2021年に発売されたツイミーグ錠(イメグリミン塩酸塩)。「新しいタイプの糖尿病治療薬」と聞いても、その作用機序がいまいちピンとこない…そんな薬剤師の皆さんも多いのではないでしょうか?
今回は、ツイミーグ錠の独特な作用機序を6コマ漫画でわかりやすく解説し、この薬の特徴と臨床での位置づけについてお話しします。NAD⁺の生産ラインが止まり、膵β細胞=“工場長”が大パニック!というところからご覧ください。






ツイミーグ基本情報
- 適応:2型糖尿病
- 用法用量:1回1000mg、1日2回、朝夕食後に経口投与
腎機能による用量調節eGFR 15–45:1回500mg 1日2回
eGFR 10–15:1日1回
eGFR 10未満:非推奨 - 禁忌:本剤の成分に対し過敏症の既往歴のある患者
重症ケトーシス、糖尿病性昏睡又は前昏睡、1型糖尿病の患者
重症感染症、手術前後、重篤な外傷のある患者
ツイミーグ錠の2つの作用機序を詳しく解説
1. NAMPT遺伝子の活性化によるNAD+産生促進
**NAD+(ニコチンアミドアデニンジヌクレオチド)**は、細胞のエネルギー代謝において重要な補酵素です。糖尿病状態では、このNAD+の産生が低下し、糖代謝が悪化します。

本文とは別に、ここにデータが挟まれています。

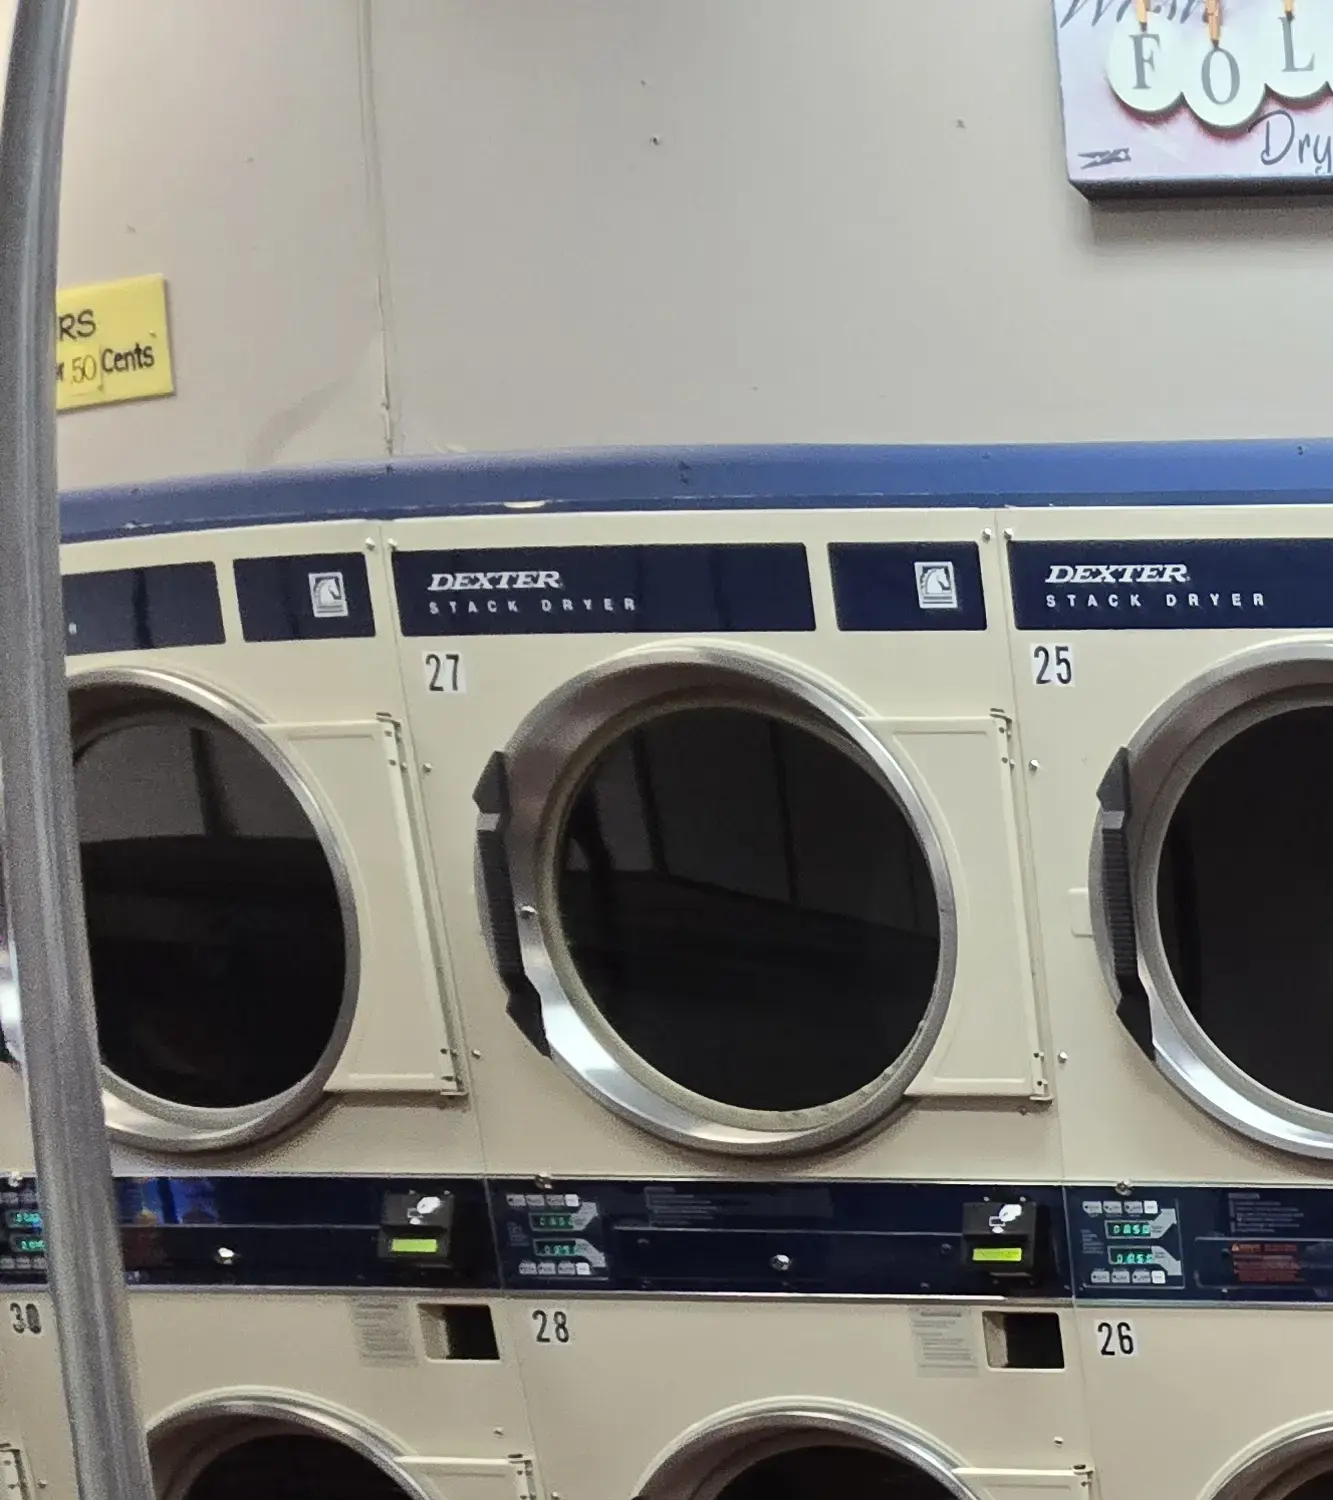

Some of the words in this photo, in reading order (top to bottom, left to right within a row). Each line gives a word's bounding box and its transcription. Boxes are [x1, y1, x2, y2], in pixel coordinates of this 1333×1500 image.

[1248, 109, 1332, 174] Dry
[101, 342, 155, 373] Cents
[427, 570, 562, 590] DEXTER
[1044, 564, 1188, 584] DEXTER
[429, 599, 518, 615] STACK
[541, 597, 636, 612] DRYER
[1045, 593, 1142, 608] STACK
[1166, 593, 1265, 608] DRYER
[425, 653, 460, 692] 27
[1034, 645, 1073, 685] 25
[9, 1302, 42, 1335] 30
[531, 1309, 570, 1344] 28
[1097, 1321, 1135, 1357] 26
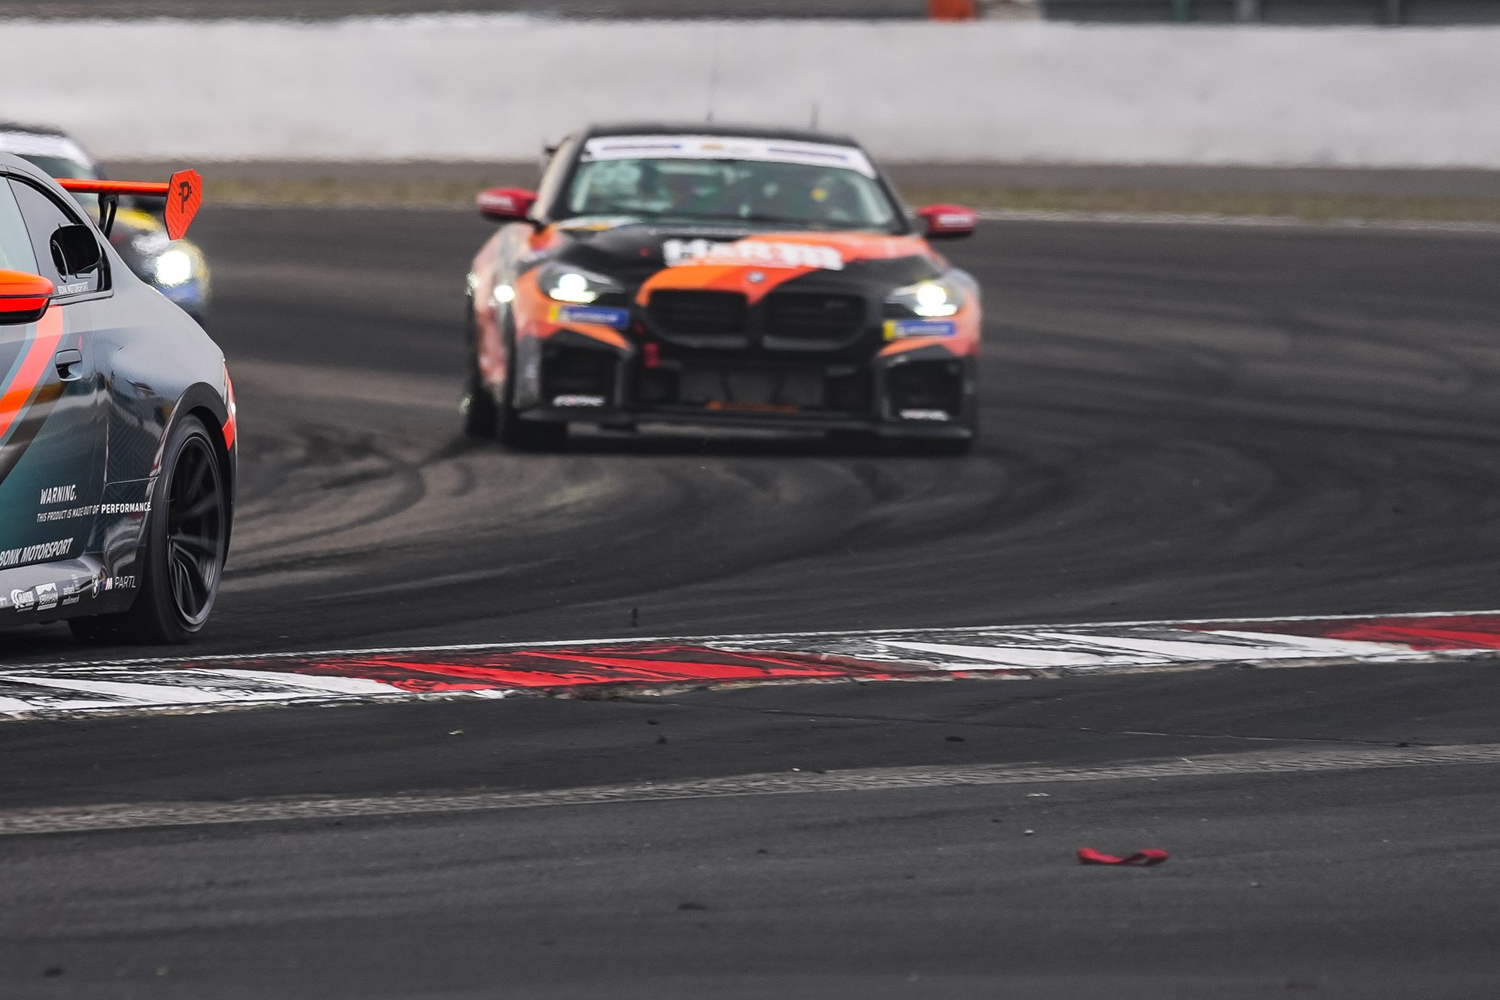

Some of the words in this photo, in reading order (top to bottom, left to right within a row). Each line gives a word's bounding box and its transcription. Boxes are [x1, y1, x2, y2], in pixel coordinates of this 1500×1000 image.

[40, 484, 77, 505] WARNING.
[36, 513, 46, 523] THIS
[46, 510, 67, 521] PRODUCT
[72, 508, 83, 518] MADE
[20, 537, 74, 563] MOTORSPORT

ツイミーグ錠はNAMPT(ニコチンアミドホスホリボシルトランスフェラーゼ)遺伝子の発現を促進し、NAD+の産生を回復させます。これにより:
- 解糖系の活性化
- 糖の細胞内取り込み促進
- インスリン分泌の改善
2. ミトコンドリア呼吸鎖複合体Ⅰの適度な阻害
ミトコンドリアの呼吸鎖複合体Ⅰを軽度に阻害することで:
- 活性酸素種(ROS)の産生抑制
- インスリン感受性の改善
- 膵β細胞の保護
この作用により、糖尿病の根本的な病態である酸化ストレスとインスリン抵抗性の両方にアプローチできます。
メトホルミンとの関係は?
漫画のオチにもありましたが、ツイミーグ錠はメトホルミンと構造が類似した「メトホルミン類似体」です。しかし、作用機序は大きく異なります。
メトホルミンの作用機序以下の通りです。
主に肝臓における糖新生を抑制し、膵β細胞のインスリン分泌を介することなく血糖降下作用を示す。また、末梢組織における糖取り込みの促進、小腸における糖吸収の抑制等も知られている (メトグルコ添付文書より)
また各構造は以下のようになります。(構造式は各添付文書より)

臨床での位置づけと特徴
臨床的特徴
- 低血糖リスクが低い:インスリン分泌促進作用が穏やか
- 体重増加しにくい:むしろ軽度の体重減少効果
- 腎機能への影響が少ない:腎排泄率が低い
- 心血管系への好影響:酸化ストレス軽減による
注意すべき副作用
- 消化器症状(下痢、腹痛、嘔気)が比較的多い
- 肝機能異常(まれ)
- 低血糖(他の糖尿病薬との併用時)
服薬指導のポイント
患者さんへの説明では以下の点を強調しましょう:
- **「新しいタイプの糖尿病薬」**であることを説明
- 効果発現には時間がかかる:2-3ヶ月での評価が必要
- 下痢などの消化器症状は初期に多いが、多くは軽減することを伝達
まとめ
ツイミーグ錠は、従来の糖尿病薬とは異なる独特な作用機序を持つ新しい選択肢です。NAMPT遺伝子活性化とミトコンドリア呼吸鎖複合体Ⅰ阻害という「二刀流」のアプローチで、糖尿病の多面的な病態にアプローチできる点が特徴的です。
低血糖リスクが低く、腎機能への影響も少ないため、高齢者や腎機能低下患者にも使いやすい薬剤として、今後の糖尿病治療において重要な位置を占めることが期待されます。
複雑な作用機序も、今回の漫画のように「細胞工場の改革」として捉えると理解しやすいのではないでしょうか。患者さんへの説明の際にも、ぜひこのような比喩を活用してみてください。
⚠️免責事項
本記事は、一般的な医療情報の提供を目的としており、個別の診断や治療を推奨するものではありません。
記事中で取り上げている薬剤情報は、信頼できる資料に基づいて正確に記載していますが、漫画内の会話やエピソードはフィクションであり、実際の医療現場の状況とは異なる場合があります。
実際の診療にあたっては、必ず医師や薬剤師等の専門家にご相談いただき、最新の添付文書等をご確認ください。